A Surplus of Memory

My Review of Yitzhak Zukerman’s A Surplus of Memory: Chronicle of the Warsaw Ghetto Uprising



Updated and reblogged January 28, 2018.

Zuckerman’s chronicle of day-to-day activities of the Jewish Fighting Organization (JFO) in the Warsaw Ghetto is easily the best book I ever read on the Jewish holocaust. “Antek”, Zuckerman’s nom de guerre, was one of the leaders of the underground organization, and one of the few fighters to survive the German SS razing of the ghetto in 1943 under General SS Commander Jurgen Stroop.

It’s a long book – 703 pages – but never a dull moment. I read it twice. The hardcover is $74 on Amazon. I managed I to buy it on a secondary site for $15 several years ago. This memoir was one of the many books I used in researching the history of that era – a study that evolved over some 50 years – while I wrote The Desperate Days, set in the Warsaw Ghetto and in then so-called Aryan Warsaw.

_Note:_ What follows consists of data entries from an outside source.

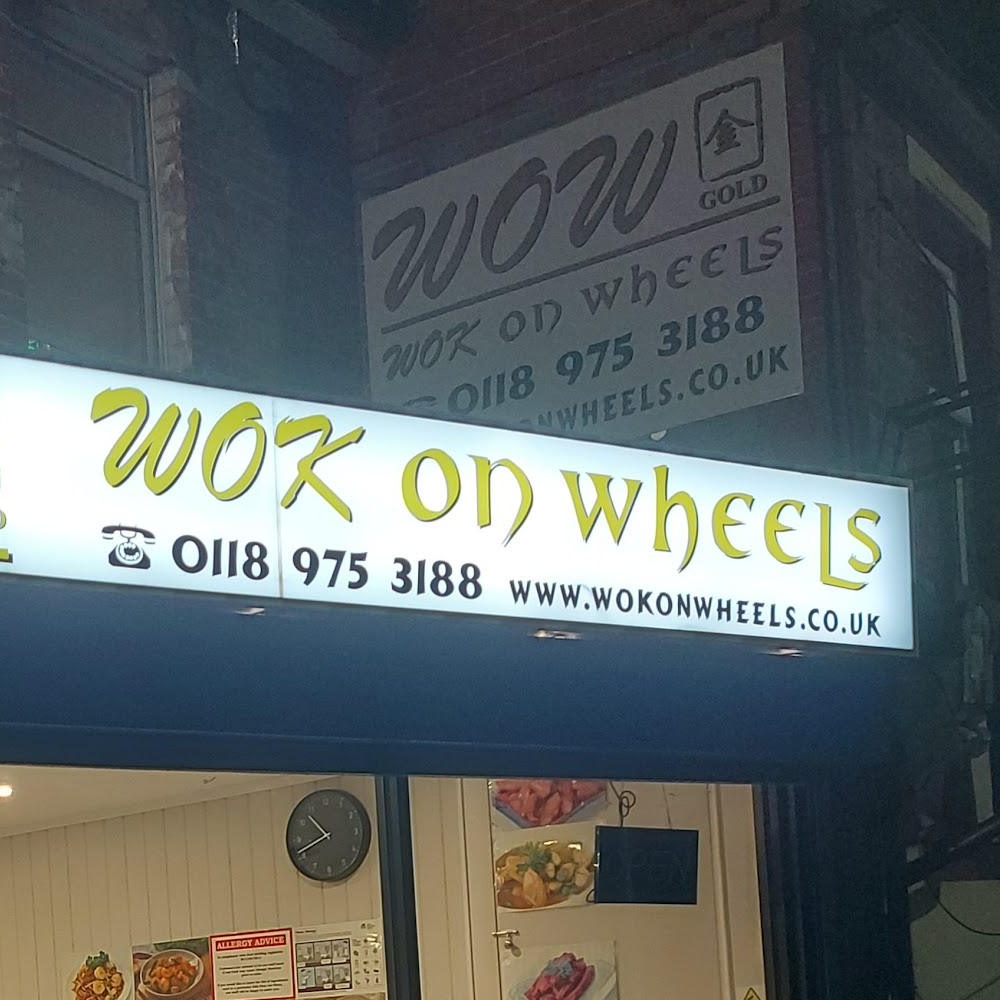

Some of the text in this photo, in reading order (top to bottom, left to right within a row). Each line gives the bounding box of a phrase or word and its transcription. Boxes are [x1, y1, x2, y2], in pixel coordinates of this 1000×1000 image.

[703, 108, 754, 155] 金
[372, 120, 678, 312] WOW
[698, 174, 768, 210] GOLD
[382, 318, 481, 380] WOK
[447, 295, 765, 416] 0118 975 3188
[520, 345, 789, 431] NWHEELS.CO.UK
[91, 386, 366, 522] WOK
[172, 534, 483, 599] 0118 975 3188
[509, 579, 882, 638] WWW.WOKONWHEELS.CO.UK
[217, 936, 285, 950] ALLERGY ADVICE

I wrote it over 13 years while teaching in NYC – 2000-13. I also borrowed Zuckerman’s book once from the NYC library system, but it took about 5 weeks because there were only three copies in Manhattan libraries – all checked out.

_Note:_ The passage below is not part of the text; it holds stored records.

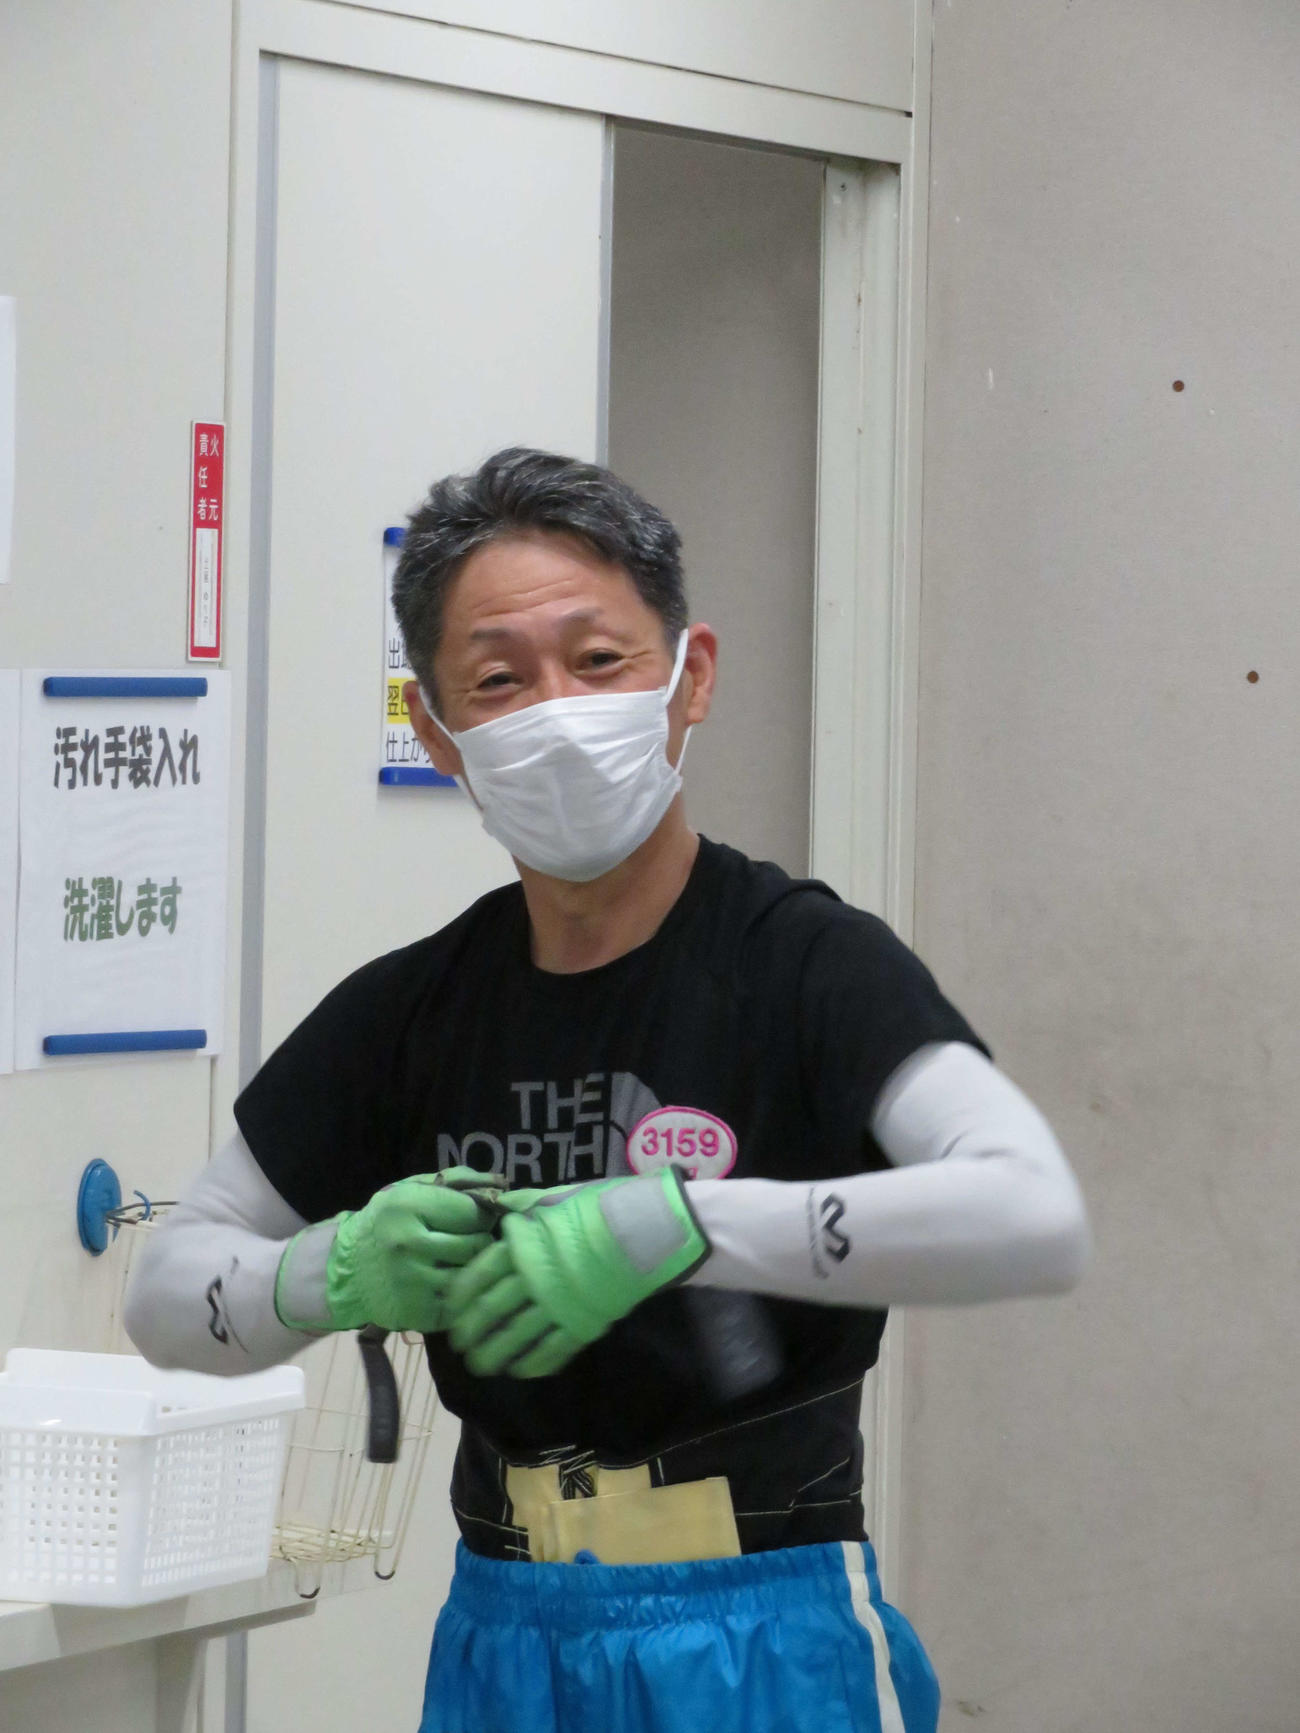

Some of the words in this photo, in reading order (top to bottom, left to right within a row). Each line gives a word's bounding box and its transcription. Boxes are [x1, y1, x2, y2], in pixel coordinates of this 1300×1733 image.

[197, 433, 209, 520] 責任者
[209, 434, 219, 521] 火元
[53, 725, 201, 790] 汚れ手袋入れ
[63, 876, 182, 942] 洗濯します
[511, 1072, 604, 1130] THE
[437, 1126, 604, 1183] NORTH
[641, 1126, 720, 1158] 3159
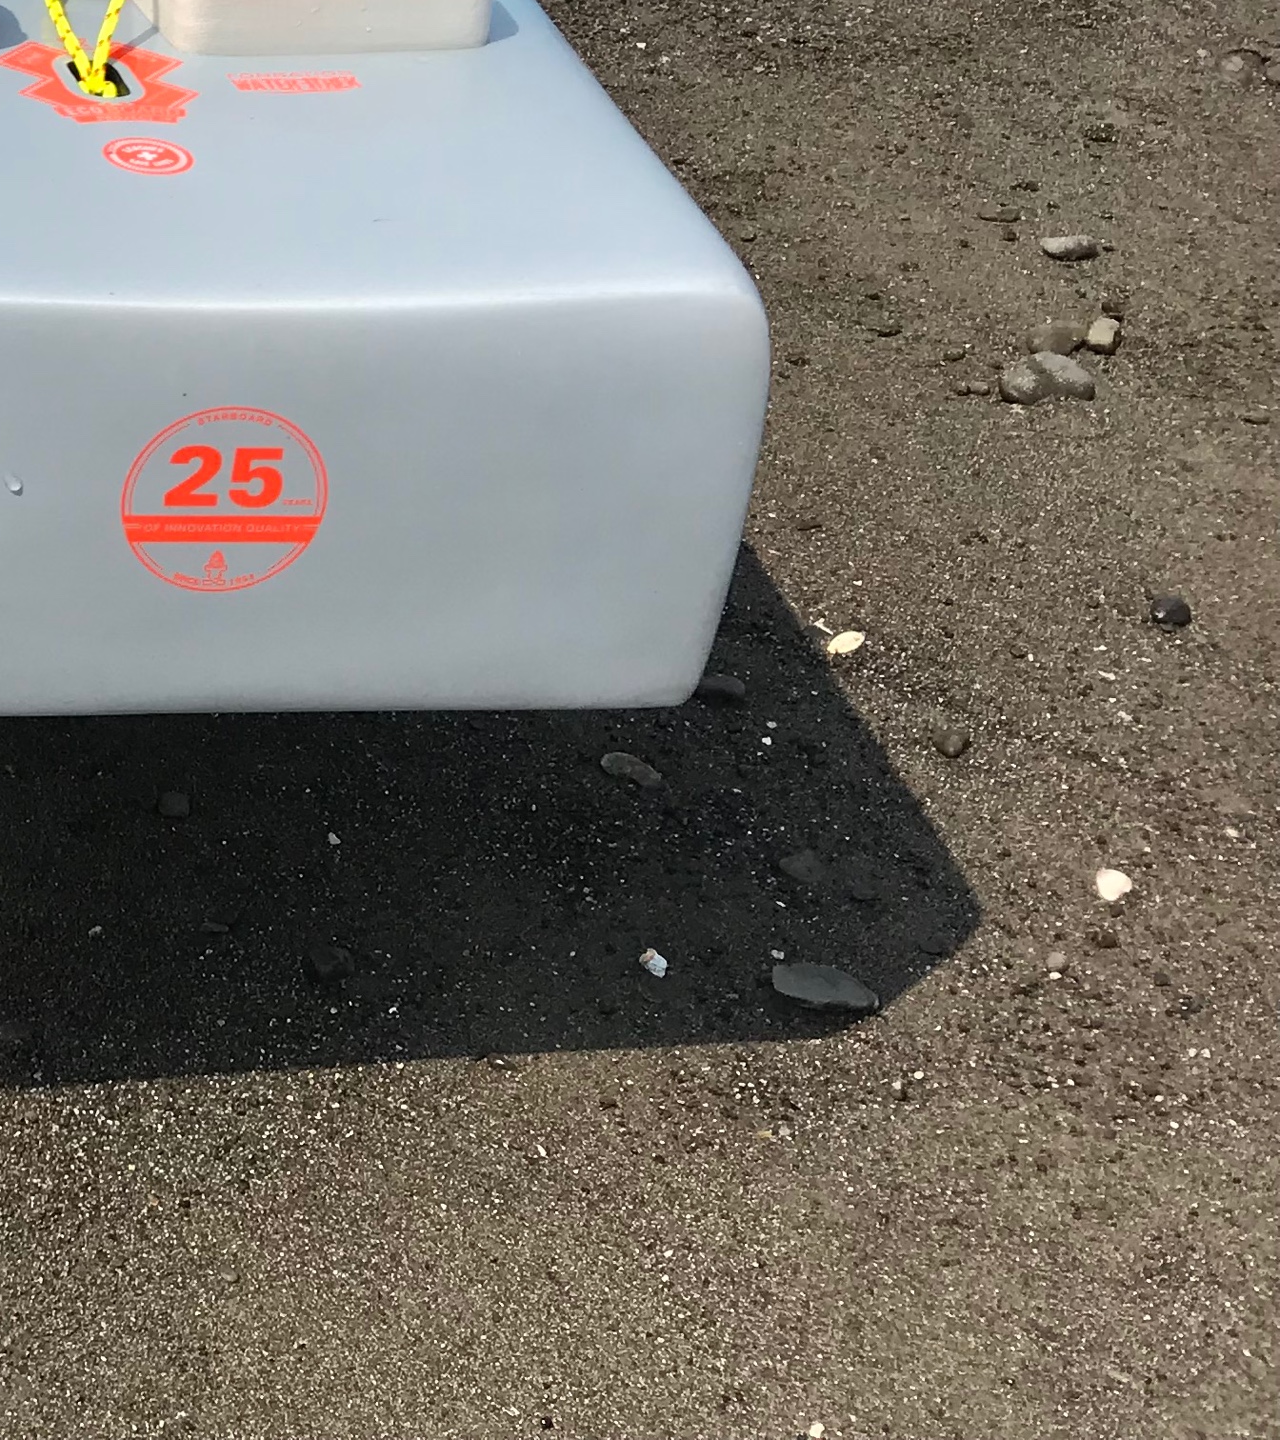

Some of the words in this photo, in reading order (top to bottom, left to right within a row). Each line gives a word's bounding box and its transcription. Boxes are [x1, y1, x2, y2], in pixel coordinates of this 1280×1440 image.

[163, 444, 284, 508] 25
[143, 522, 161, 533] OF
[164, 522, 242, 533] INNOVATION
[246, 522, 301, 533] QUALITY

Zuckerman dictated his memories years after 1945. The book is an extraordinary account of Zuckerman’s cell and its sometimes successful but usually doomed attempts at sabotaging and street-fighting the SS storm troopers who systematically burned and blew up the buildings that they hid inside and from which they fought.

Zuckerman and members of the Jewish Fighting Organization

Zuckerman and members of the Jewish Fighting Organization

In one of Stroop’s communications to his superiors in Berlin, he labled all Jews “cowards” but, in the same communication, stated that the Jews fought back with such tenacity during the German assault that they drove his SS soldiers to retreat. The Stroop report was entered into evidence during the Nuremberg trials post-war.

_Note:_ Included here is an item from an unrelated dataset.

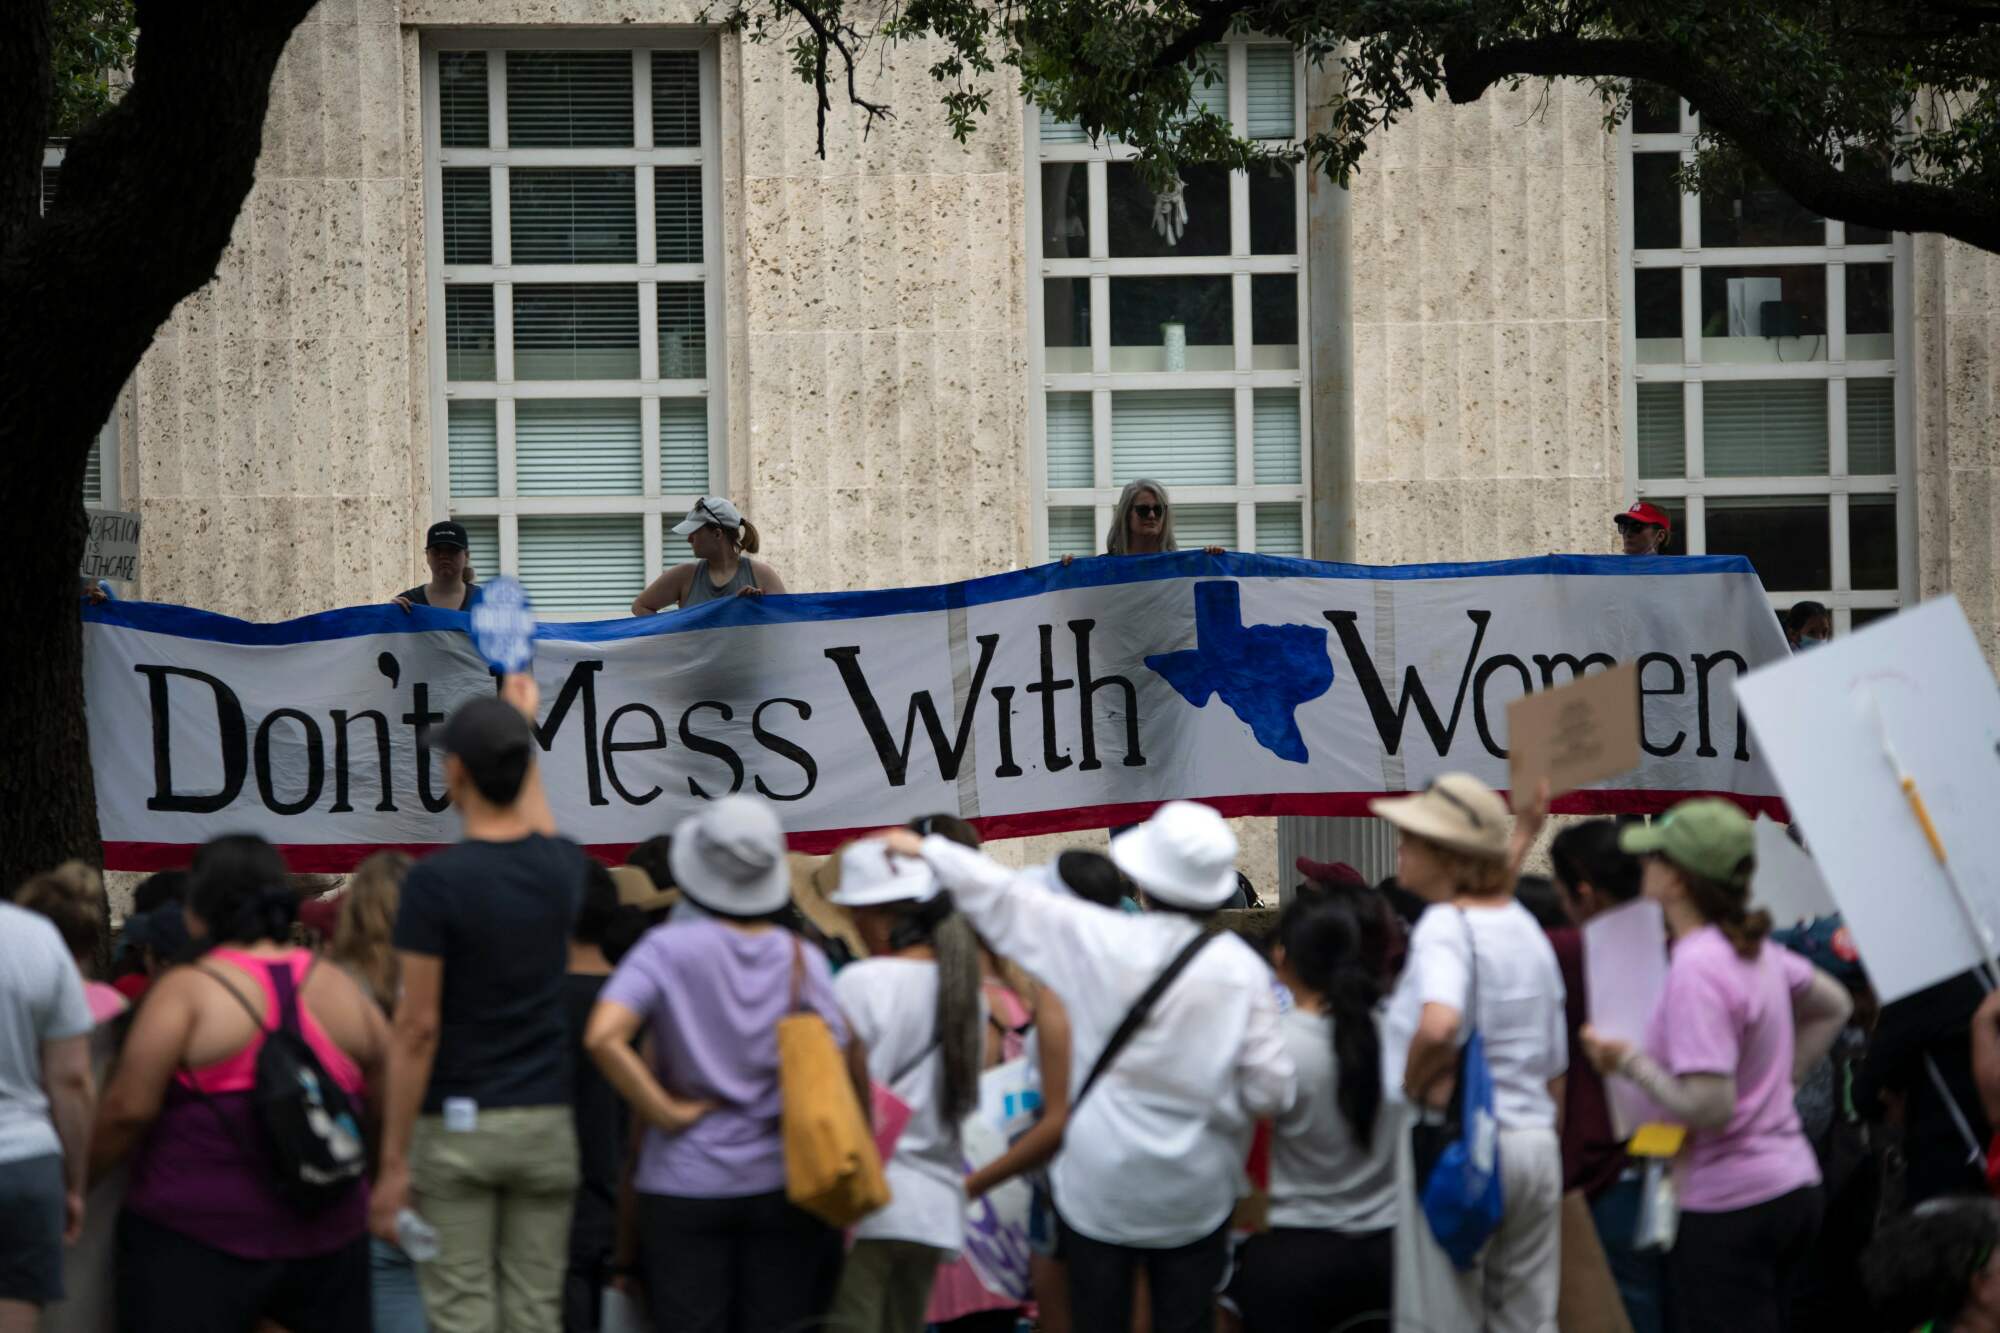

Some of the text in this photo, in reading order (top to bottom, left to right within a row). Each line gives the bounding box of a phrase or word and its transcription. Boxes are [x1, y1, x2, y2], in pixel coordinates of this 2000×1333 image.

Zuckerman chronicles the assassinations of some Germans, but mostly of Jewish collaborators, who were specially targeted often because they had sold out other Jews as a means of survival or due to plain greed. He chronicles his and a number of other Jewish underground resisters’ attempts – many of these doomed to failure – to convince thousands of Jews in the ghetto to not gather at the Umshlagplatz – the German’s forced collection center for Jews – and especially to not board the trains because they were headed to the Treblinka death camp.

The Issue of Revenge

This book is essential reading for holocaust scholars and for those who simply want to understand what it was like up close in the Warsaw Ghetto from the perspective of this leader of the Jewish Fighting Organization.

This memoir is a necessary complement to Leon Uris’ Mila 18 – a great historical fictional account of the Warsaw Ghetto and the address (Mila 18) where Jewish fighters were headquartered. I read Mila 18 and Uris’ Exodus independently in my freshman year of high school, and that was the beginning of my life-long study of the Jewish holocaust.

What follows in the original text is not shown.